16.12.14

"Ida" award for the best 2014 european film at the EFA in Riga...bof....


Yes, I know” IDA” is receiving sparkling reviews and awards.

But director Pawel Pawlikowski’s ode to his homeland is not only puerile, it’s also insensitive to Jews and Catholics.

But, boy, does his film look terrific!

It is shot in gorgeous black and white, and formatted in a 4:3 ratio that makes it look like it was filmed way back in 1962,

the year in which the story is set.

It also displays two amazing performances by Agata Kulesza and newcomer Agata Trzebuchowska. The latest - a fresh-faced teen who was discovered – shades of old Hollywood – in a Warsaw coffee shop.

Not only is she of a gaminesque beauty, she’s also an outstanding actress, which makes it all the more frustrating that the script by Pawlikowski and Rebecca Lenkiewicz is shot full of holes.

In it, Trzebuchowska plays an 18-year-old novice nun one week before her final vows. Before that lifetime commitment, Mother Superior insists that the orphaned travels to Lodz to meet the communist aunt (Kulesza) she never knew she had.
 

There rests the first of the script’s many holes. Why would the monastery wait so long to tell Anna about her long-lost relative?

Yet, that might have been forgivable if the tale didn’t turn so ridiculous… beginning with Anna learning for the first time that she’s indeed Jewish and her real name is Ida Lebenstein.

Again, why would they keep that from her?

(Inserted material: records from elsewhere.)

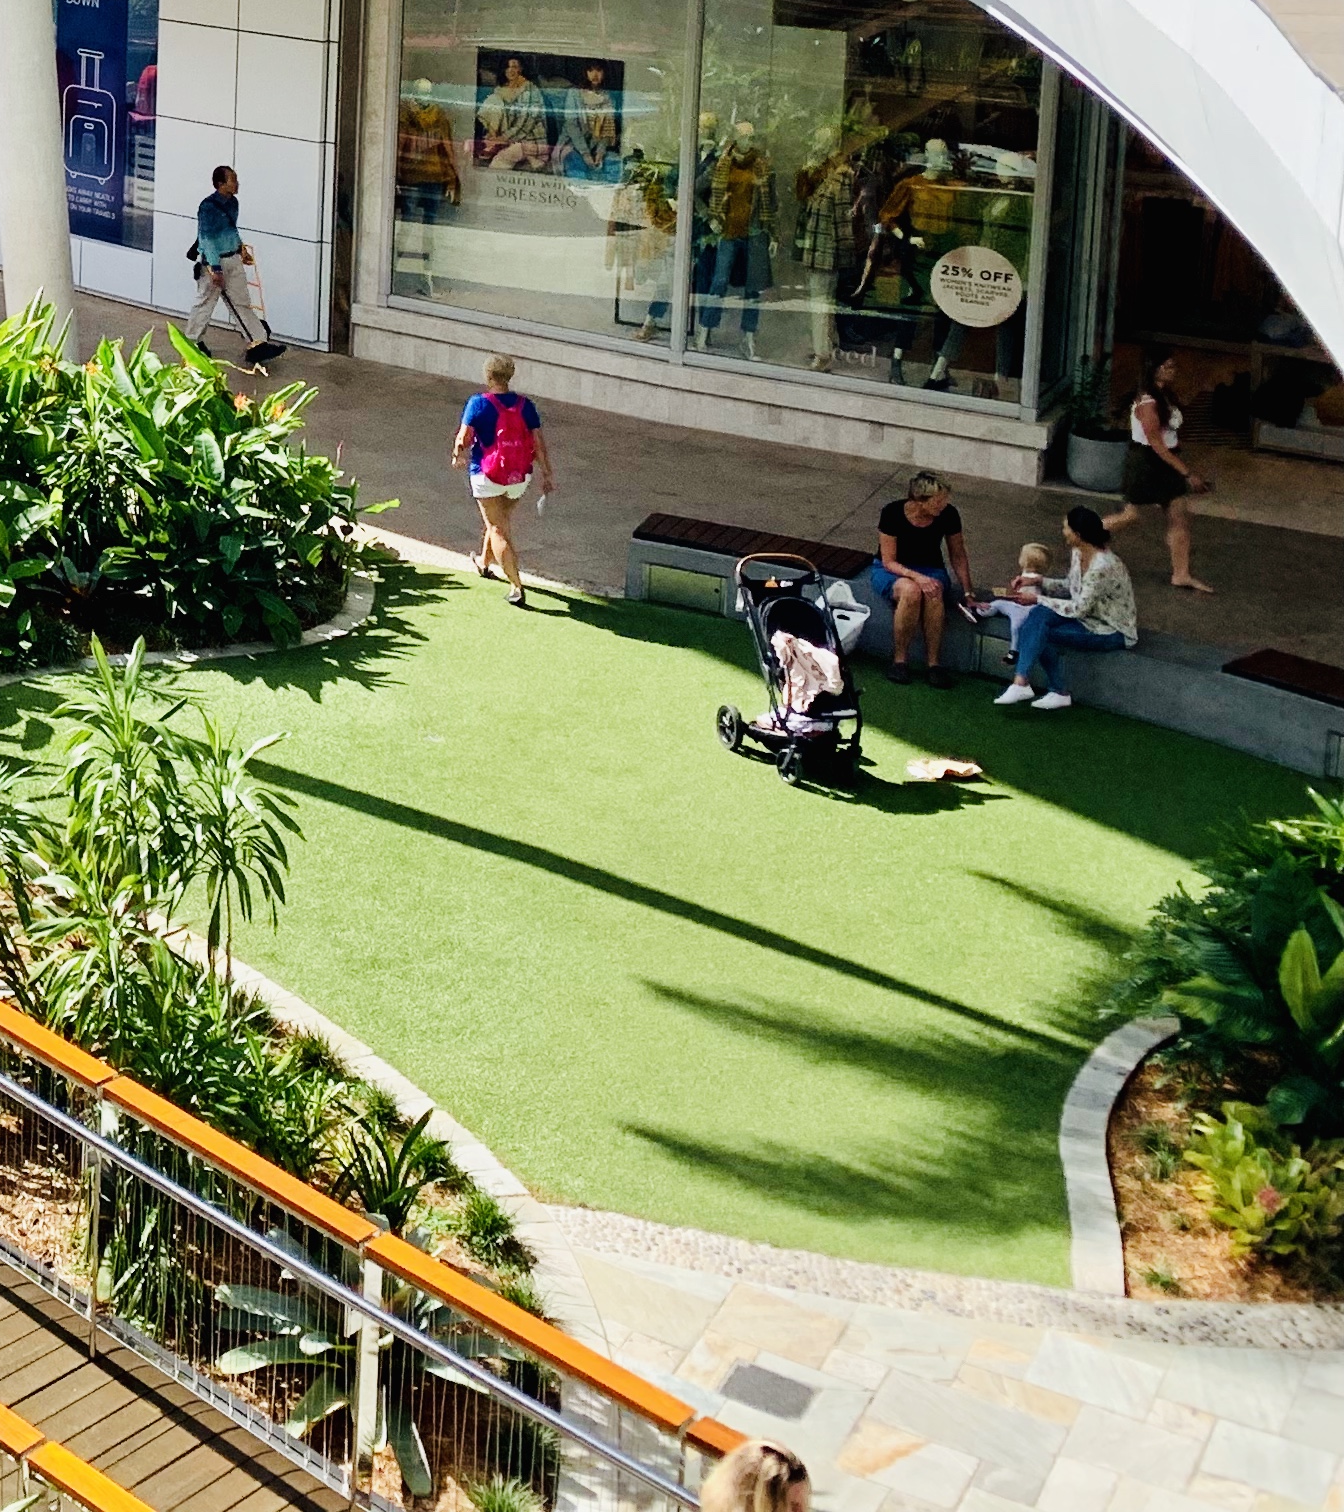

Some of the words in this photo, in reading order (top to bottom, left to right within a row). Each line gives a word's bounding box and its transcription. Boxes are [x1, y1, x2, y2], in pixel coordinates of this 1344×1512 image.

[496, 174, 535, 186] warm
[495, 186, 577, 208] DRESSING
[941, 265, 973, 278] 25%
[980, 270, 1013, 283] OFF
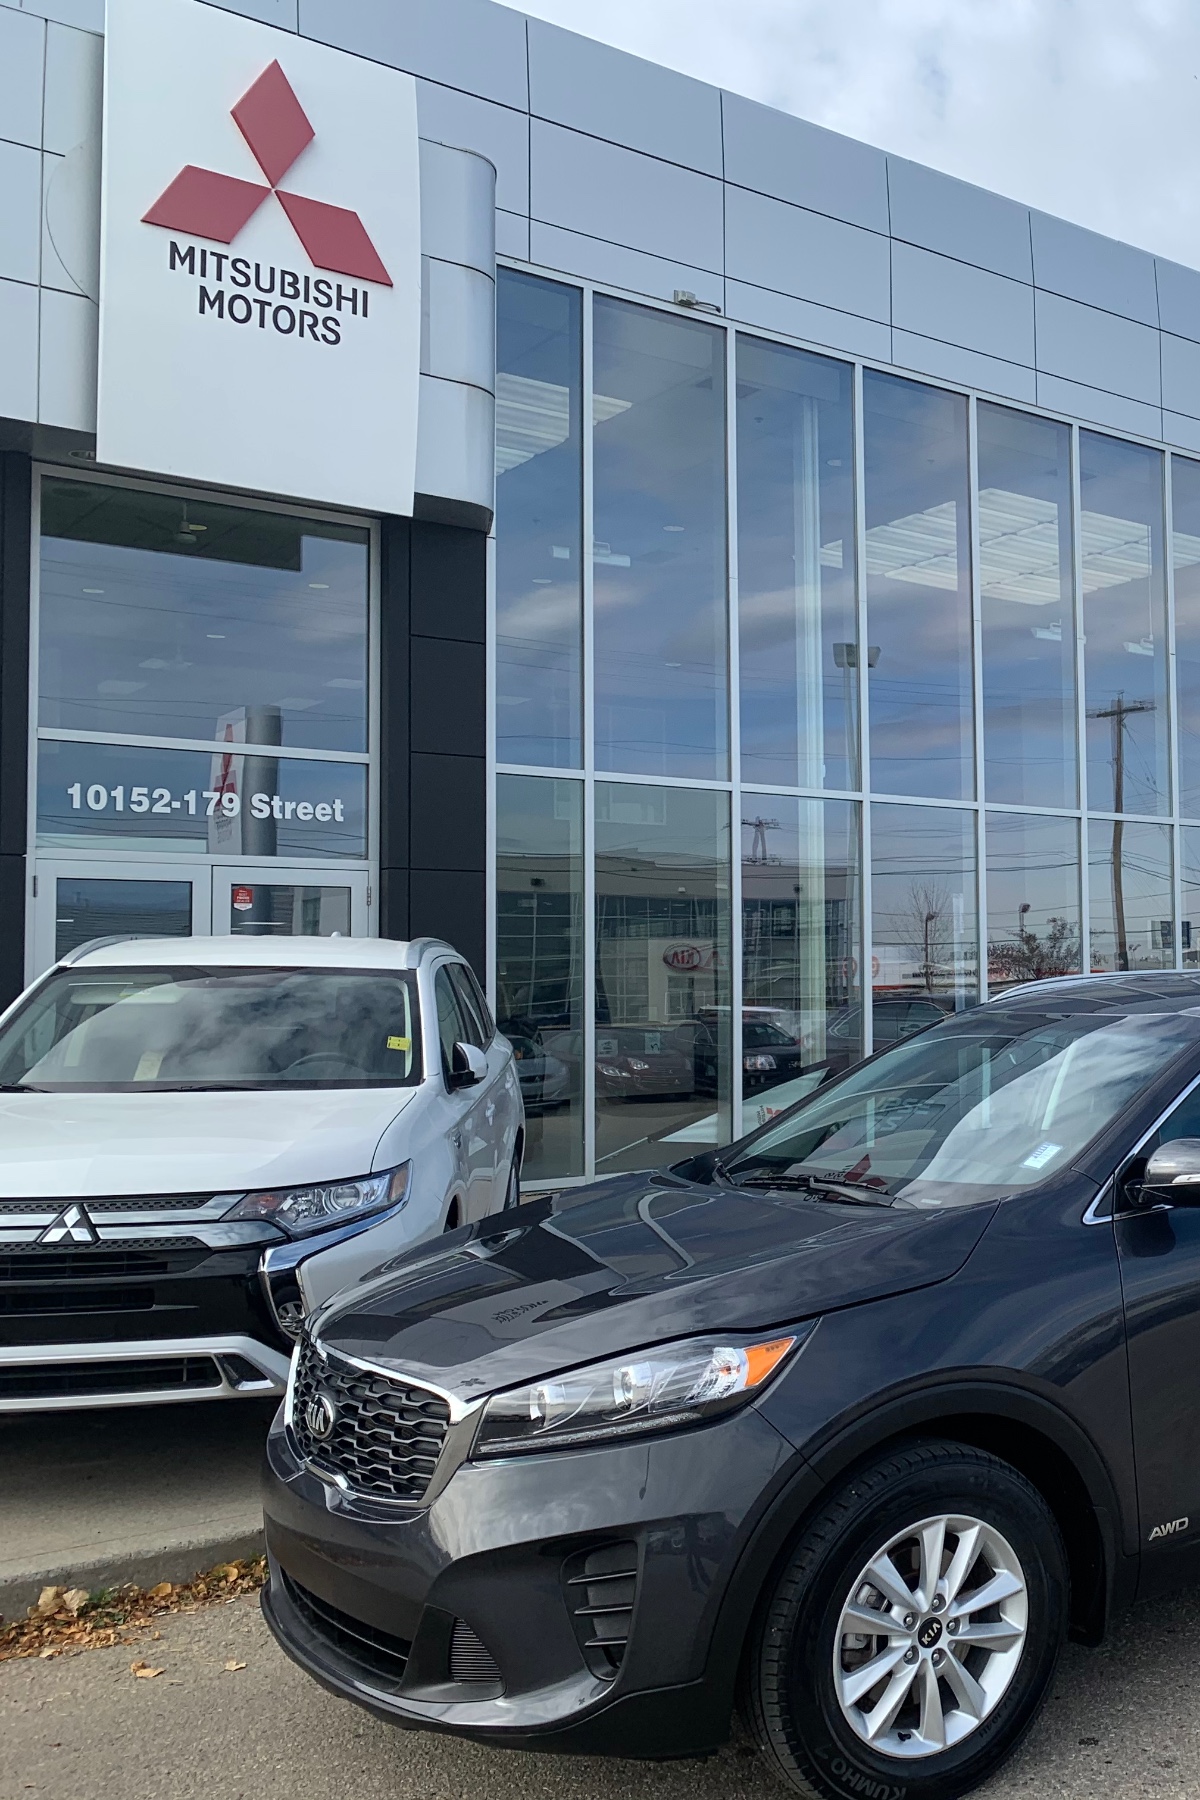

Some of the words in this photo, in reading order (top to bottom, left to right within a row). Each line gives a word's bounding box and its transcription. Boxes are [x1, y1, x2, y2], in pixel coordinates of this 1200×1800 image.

[169, 240, 369, 318] MITSUBISHI
[198, 284, 341, 346] MOTORS
[67, 782, 240, 818] 10152-179
[250, 793, 344, 822] Street
[308, 1401, 325, 1432] KIA
[1148, 1516, 1189, 1541] AWD
[921, 1622, 941, 1645] KIA
[830, 1758, 907, 1800] KUMHO
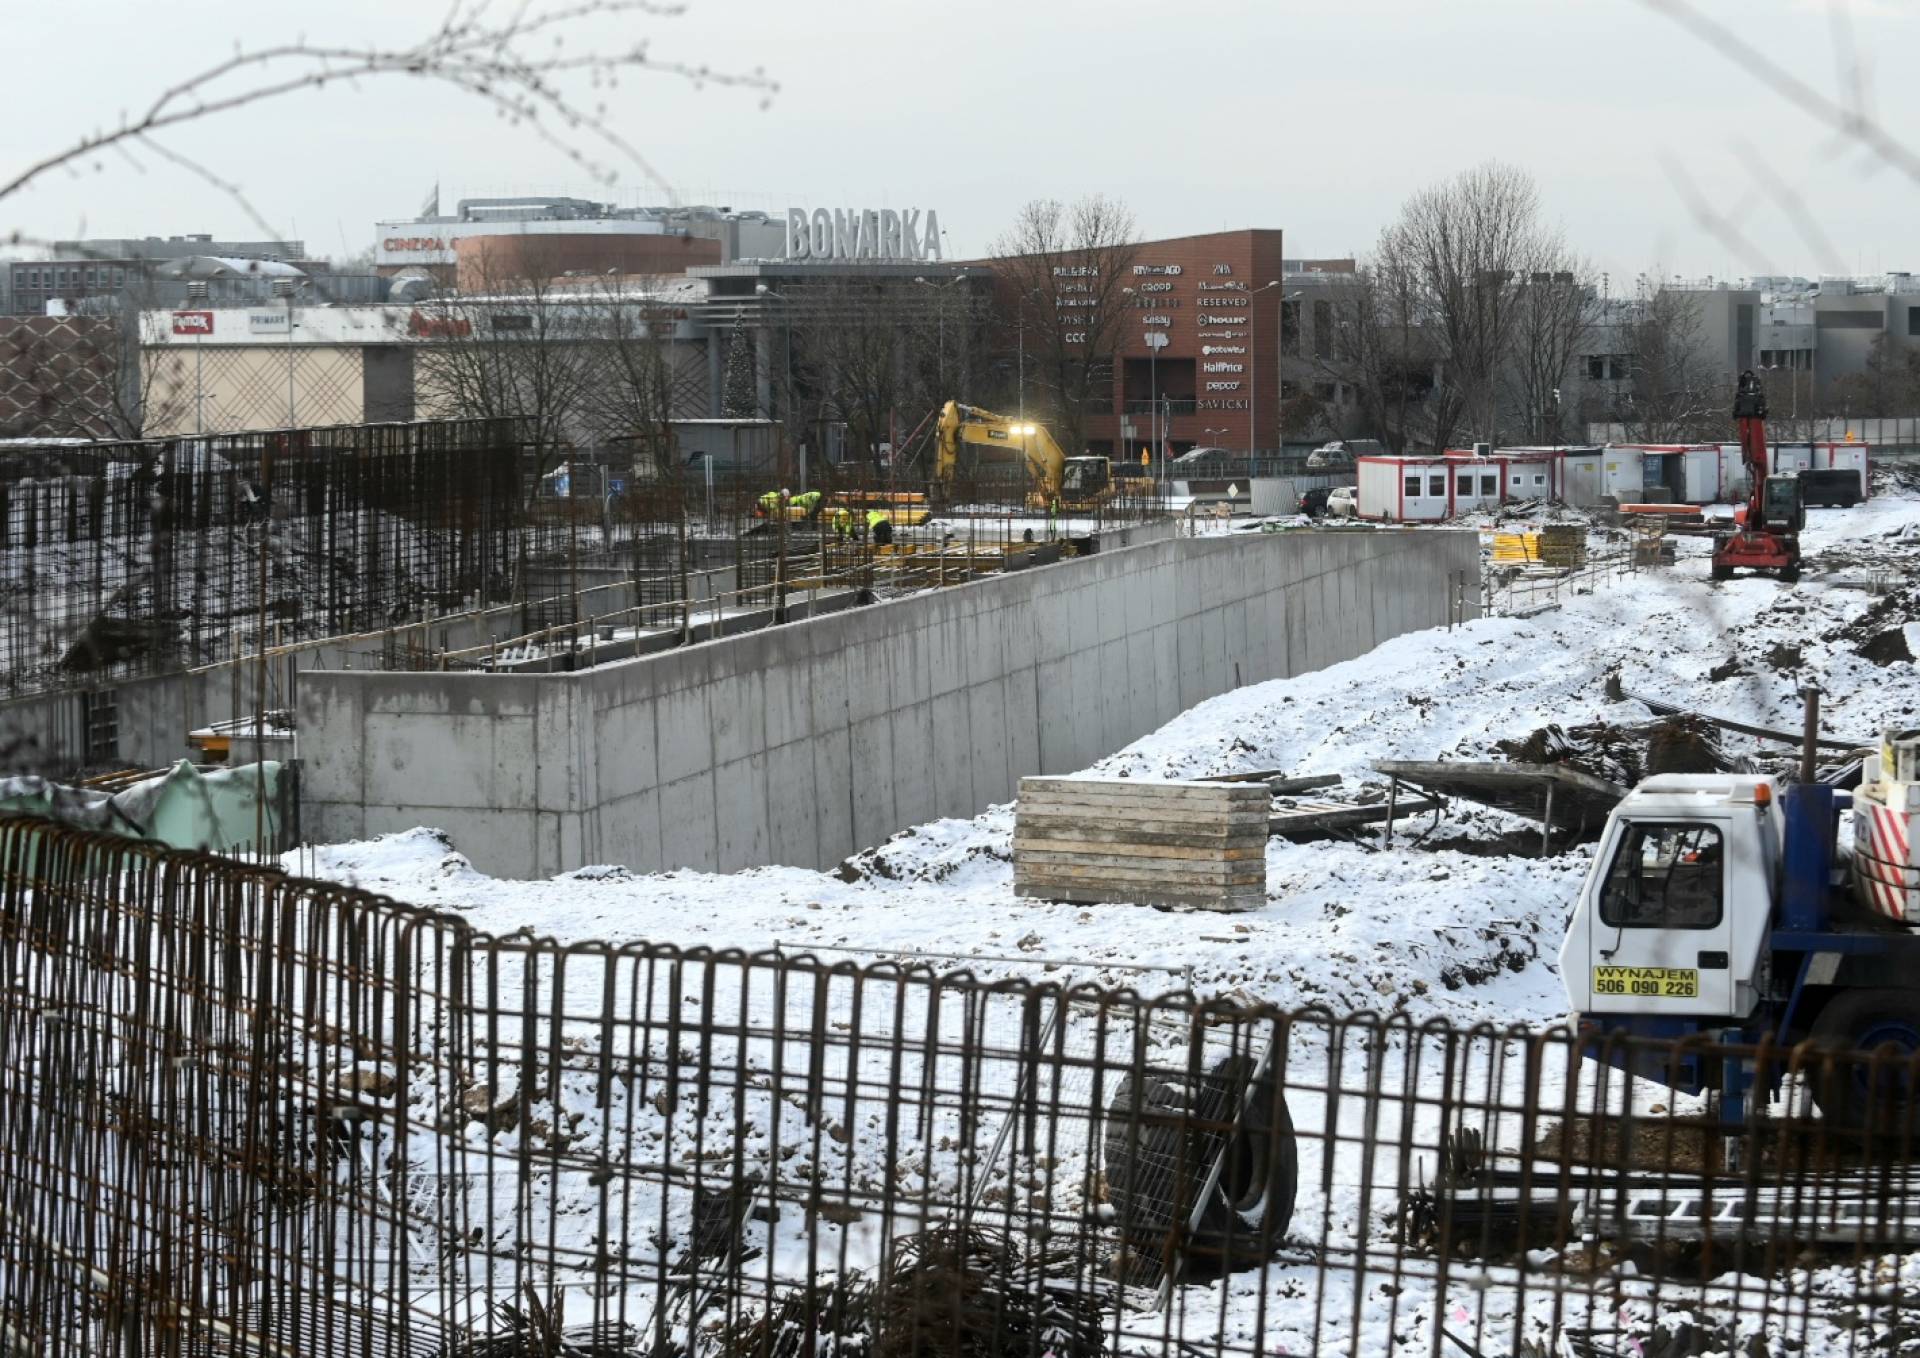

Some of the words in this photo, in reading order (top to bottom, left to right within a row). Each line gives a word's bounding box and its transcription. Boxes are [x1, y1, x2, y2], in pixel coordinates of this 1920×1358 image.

Neither does the road trip Anna/Ida takes with her Aunt Wanda to the family village, now occupied by the trashy clan that killed Anna/Ida’s parents during the Nazi occupation.

"What are you thinking about?”  nun Anna is asked toward the end of “Ida.”

“I’m not thinking,” she replies.

As far as the viewer is concerned, her mind may very well be empty. Because such is the dead interior life she’s given over the film’s 80 minutes. Asked to do little more than gaze with wide eyes at the world around her, Agata Trzebuchowska’s character is blank for most of the film. Only in the final scenes does she transform into something more than a passive observer.

But by then, it’s too little too late…

 

Along the way, the women pick up a handsome sax player (Dawid Ogrodnik), who turns out to be a dreamboat. And the way he plays Coltrane is just enough to persuade the virginal Anna/Ida to exchange her habits, for a passionate roll in the sheets.

Assuming Aunt Wanda, a Soviet judge by day, and a self-confessed “slut” by night, doesn’t get the guy first…

It only gets worse when the film enters an almost darkly comic third act.

There a person leaps out a window and Anna/Ida indulges in a night of sexual and substance-abusing debauchery, before strolling back to the convent.

Not only is it all silly, it doesn’t make a lick of sense in the context of the story.

 It’s as if Pawlikowski (director of the vastly superior “My Summer of Love”) decided to make stuff up as he went along.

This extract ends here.